View Full Version : Soil Testing results...Is this right?
03-04-2010, 02:05 PM
Ok did as advised here and got my soil tested through UMass. The question I have is it is stating I should apply 93 lb of calcitic limestone/1000 sq ft in split application. Do not apply more than 50 lb/1000 sq ft at one time. And also 2 lb/1000 sq ft of P205.
It says my soil PH is 5.9 and best I can tell everything else listed is within range. Yes some are low and high within the range, but everything is within range. The only other thing that stands out is that Potassium is 187 PPM which is very high.
The recommended dose of calcitic limestone seems like quite a bit when I am not seeing anything totally out of whack. What am I missing? Since I have about 1000 sq feet of lawn where the heck do I buy a 50 lb bag of calcitic limestone? And how would you recommend applying 50 pounds to a 1000 sq feet?
And last, but not least if I am to apply 2 lbs of P205 how would you recommend doing that? Best I can tell P205 is not sold straight, but is usually mixed in with other stuff. Am I right here? Can I buy it straight?
Thanks in advance for any comments/suggestions!
03-04-2010, 02:10 PM
Can you post the actual test results?
03-04-2010, 02:23 PM
Here is a copy of the report
03-04-2010, 03:15 PM
Lime should be available at a garden dept like at Lowes. Just apply 50 pounds by going over it repeatedly with your spreader. Use a second bag later in the year. You soil is pH 5.9--slightly acid. Lime will help, but it takes a lot.
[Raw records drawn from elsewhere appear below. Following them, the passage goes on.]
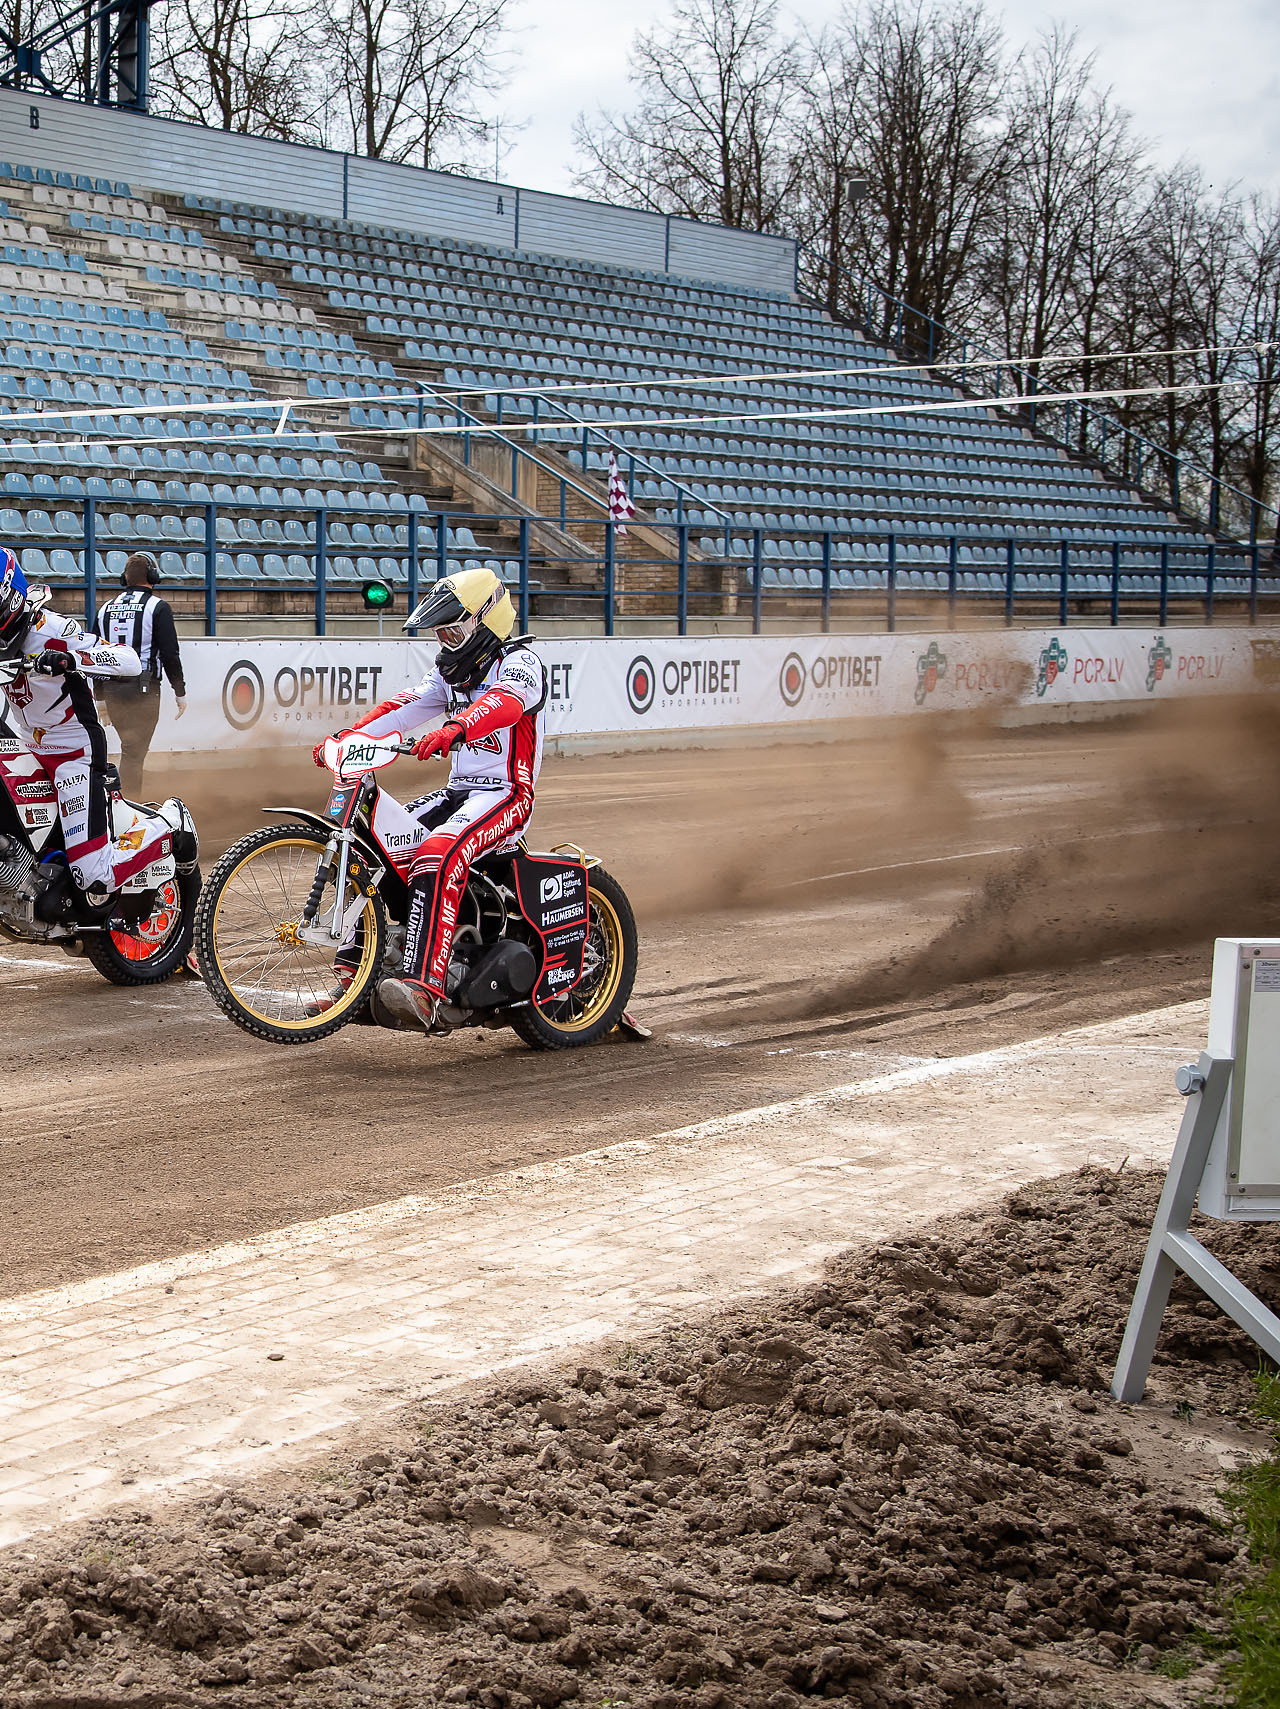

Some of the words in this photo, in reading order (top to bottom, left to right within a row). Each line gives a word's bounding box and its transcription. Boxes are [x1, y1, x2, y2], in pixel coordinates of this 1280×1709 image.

[29, 105, 40, 130] B
[496, 195, 504, 216] A
[662, 659, 741, 696] OPTIBET
[810, 655, 883, 689] OPTIBET
[1073, 657, 1125, 684] PCR.LV
[1177, 654, 1225, 681] PCR.LV
[273, 666, 383, 708] OPTIBET
[273, 711, 333, 722] SPORTA
[346, 744, 377, 762] BAU
[384, 832, 411, 848] Trans
[563, 887, 576, 898] Sport
[441, 898, 457, 927] MF
[541, 905, 584, 927] HAUMERSEN
[403, 888, 426, 973] HAUMERSEN
[433, 928, 453, 973] Trans
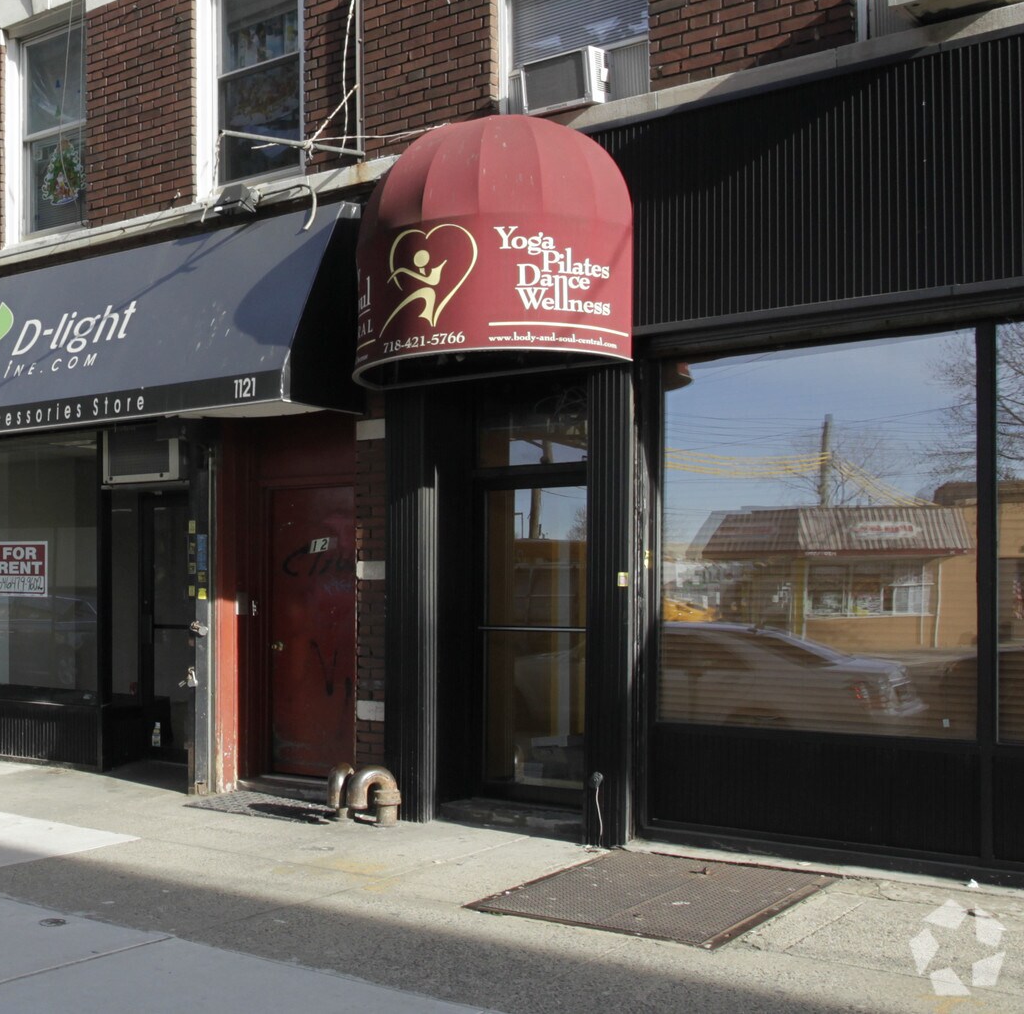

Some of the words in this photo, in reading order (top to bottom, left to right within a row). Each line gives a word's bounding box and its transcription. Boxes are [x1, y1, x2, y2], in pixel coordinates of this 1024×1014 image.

[493, 226, 555, 255] Yoga
[541, 248, 610, 279] Pilates
[516, 264, 591, 290] Dance
[515, 278, 611, 316] Wellness
[11, 300, 136, 356] D-light
[488, 331, 618, 349] www.body-and-soul-central.com
[383, 331, 465, 353] 718-421-5766
[233, 377, 256, 399] 1121
[93, 394, 144, 416] Store
[2, 547, 37, 560] FOR
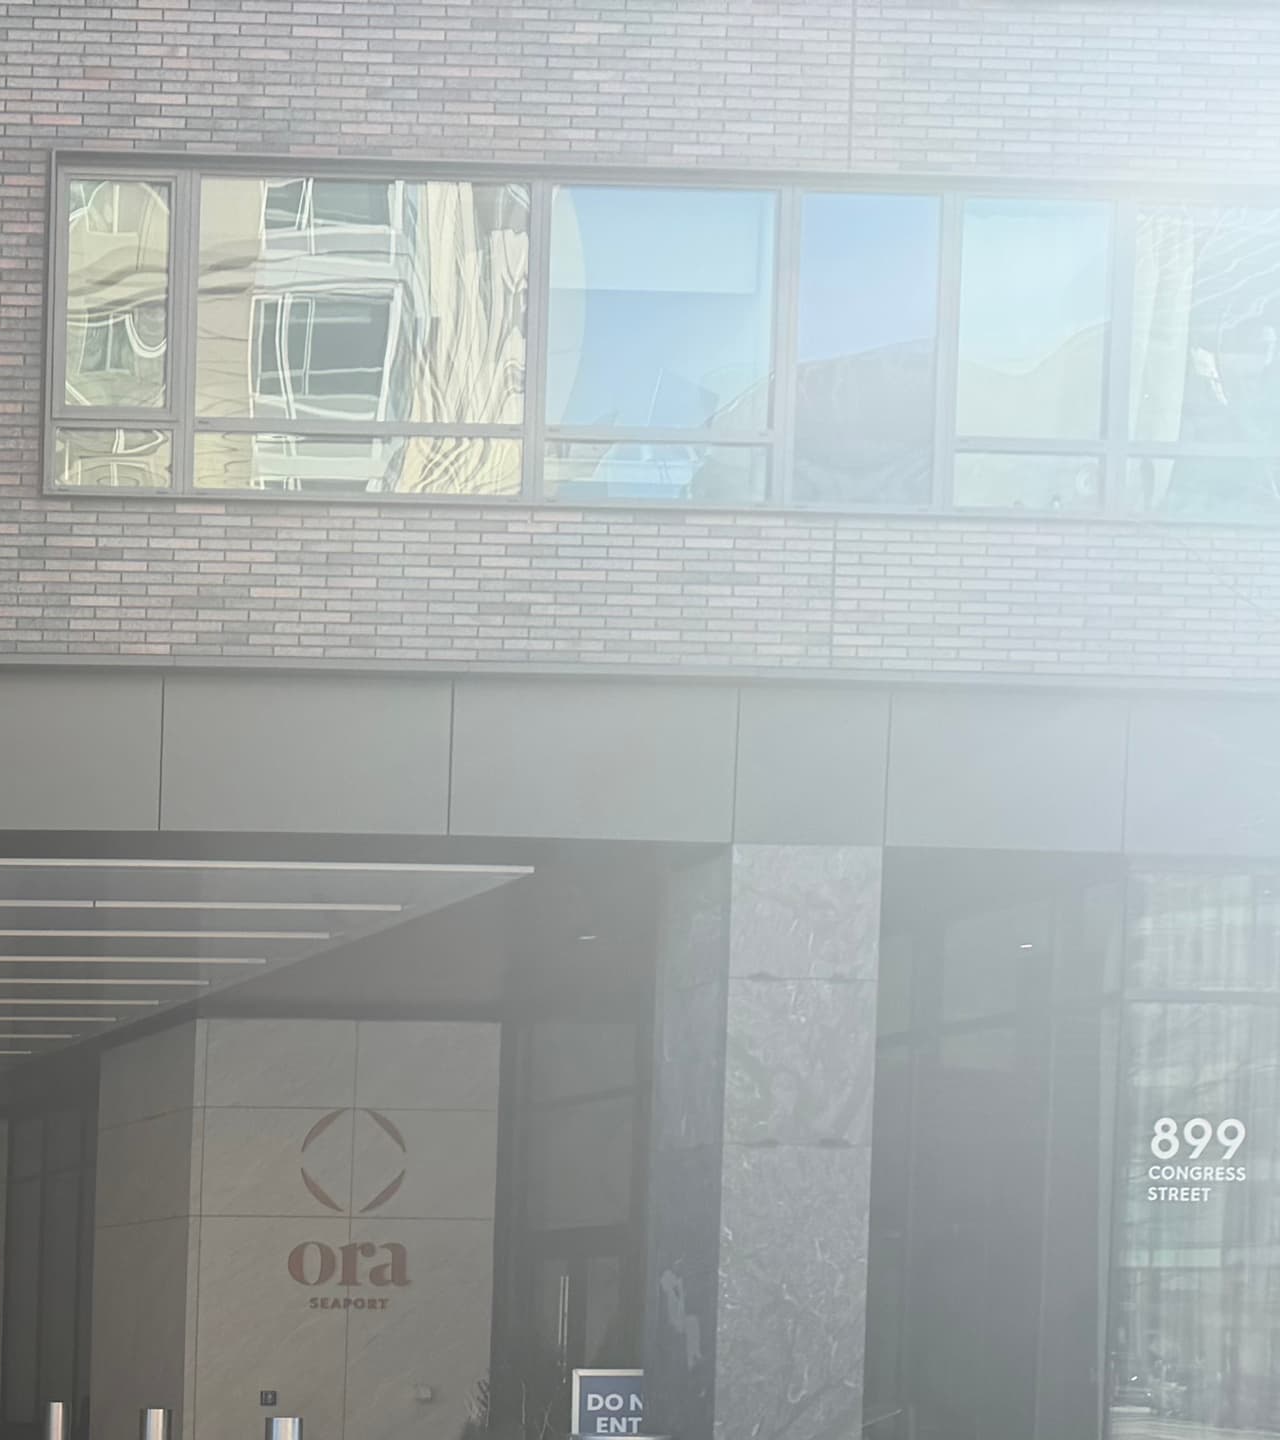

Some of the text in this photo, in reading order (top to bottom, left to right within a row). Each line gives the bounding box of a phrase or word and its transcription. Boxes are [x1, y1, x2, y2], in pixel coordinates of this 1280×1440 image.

[1150, 1117, 1246, 1160] 899
[1148, 1165, 1247, 1181] CONGRESS
[1147, 1187, 1212, 1201] STREET
[287, 1240, 412, 1287] ora
[309, 1297, 390, 1310] SEAPORT
[586, 1393, 624, 1411] DO
Your phosphorus is very low at 5 lbs per acre. Grass doesn't need much phos, so I would just use a fertilizer with a medium high middle number (phos).
Since you have high levels of potassium, try to find fertilizer without much potash, 3rd number. Difficult to buy exactly what they suggest, so Scotts 28-4-4 may be as close as you can come.
03-04-2010, 03:47 PM
IMO your soil looks pretty good, with the possible exception of exchangeable Ca. The pH is less a concern for me at this point, and I wouldn't start worrying about it until it hits 5.3 or less. Generally speaking, your soil is in good shape.
I might recommend following the lime recommendation for the spring application only (i.e. ~40-45 lbs/1000 ft^2) in order to increase your exchangeable Ca a bit (% base sat. is a little low), but that is optional IMO..
With respect to P, any source of P will do, preferably a natural one (i.e. like what you would find in a compost that contains manure), however I personally would hold off on any chem P apps.
What is your turf type, is it irrigated, and what are the other relevant management variables that will affect decisions (mulch mowing, compost top dressing, compaction, irrigation schedule, soil type, etc...).
Also, did you follow the UMASS soil sampling guidelines?
03-04-2010, 07:06 PM
Thanks for all the replies. To answer/comment on a couple of the previous posts...
Yes i followed the UMass directions.
I'll take a look and see what I can find at the local hardware store. 50lbs just seems to be a heck of a lot, but feel much better going in that direction now. I am actually going to wait a couple of weeks to do the overseeding so might be good time to do the lime now.
Irrigation is not a problem. It is a corner lot that has a slight slope to most of the lawn so it drains well. I live outside of Seattle and even with all the rain I never see a drainage issue. The soil also seems to do well absorbing and maintaining the water. I have had some moss issues, but think that is more because the lawn is so sparse right now.
Moved into the property late fall last year. It took some time to get the weeds under control and had just enough time to do a quick seeding, so the lawn is pretty sparse right now. I am hoping to get the soil set and then do a over seeding in a couple of weeks.
Thanks for all the feedback and let me know if there is anything else I should be considering. :drinkup: cheers!